* _Entries shown_:

■ ■ ■ ■ ■

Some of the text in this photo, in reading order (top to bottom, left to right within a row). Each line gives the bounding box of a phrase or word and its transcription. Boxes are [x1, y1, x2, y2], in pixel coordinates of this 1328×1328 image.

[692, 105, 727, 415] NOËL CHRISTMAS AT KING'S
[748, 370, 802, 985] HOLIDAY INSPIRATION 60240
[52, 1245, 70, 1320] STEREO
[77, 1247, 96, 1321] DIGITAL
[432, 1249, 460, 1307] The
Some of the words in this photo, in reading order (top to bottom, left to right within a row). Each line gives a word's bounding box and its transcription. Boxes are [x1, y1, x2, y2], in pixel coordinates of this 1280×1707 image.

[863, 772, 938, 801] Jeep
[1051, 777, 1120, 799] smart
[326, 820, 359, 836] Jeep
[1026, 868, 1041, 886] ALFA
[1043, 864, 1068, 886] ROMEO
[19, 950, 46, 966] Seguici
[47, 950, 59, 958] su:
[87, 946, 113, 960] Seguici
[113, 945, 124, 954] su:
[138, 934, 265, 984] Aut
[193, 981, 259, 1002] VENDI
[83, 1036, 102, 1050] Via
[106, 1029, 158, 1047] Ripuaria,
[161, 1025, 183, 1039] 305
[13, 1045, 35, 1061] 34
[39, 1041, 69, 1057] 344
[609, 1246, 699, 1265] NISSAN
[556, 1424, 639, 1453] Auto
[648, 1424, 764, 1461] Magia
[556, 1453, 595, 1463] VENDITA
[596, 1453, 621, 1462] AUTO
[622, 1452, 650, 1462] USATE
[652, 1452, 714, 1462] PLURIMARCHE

■ ■ ■ ■ ■

* _Exercise aim_:
The line with "Some of the words" marks where to start. Transcribe from there through the final line of the records, exactly and with nothing added.

* _Your solution_:
Some of the words in this photo, in reading order (top to bottom, left to right within a row). Each line gives a word's bounding box and its transcription. Boxes are [x1, y1, x2, y2], in pixel coordinates of this 1280×1707 image.

[863, 772, 938, 801] Jeep
[1051, 777, 1120, 799] smart
[326, 820, 359, 836] Jeep
[1026, 868, 1041, 886] ALFA
[1043, 864, 1068, 886] ROMEO
[19, 950, 46, 966] Seguici
[47, 950, 59, 958] su:
[87, 946, 113, 960] Seguici
[113, 945, 124, 954] su:
[138, 934, 265, 984] Aut
[193, 981, 259, 1002] VENDI
[83, 1036, 102, 1050] Via
[106, 1029, 158, 1047] Ripuaria,
[161, 1025, 183, 1039] 305
[13, 1045, 35, 1061] 34
[39, 1041, 69, 1057] 344
[609, 1246, 699, 1265] NISSAN
[556, 1424, 639, 1453] Auto
[648, 1424, 764, 1461] Magia
[556, 1453, 595, 1463] VENDITA
[596, 1453, 621, 1462] AUTO
[622, 1452, 650, 1462] USATE
[652, 1452, 714, 1462] PLURIMARCHE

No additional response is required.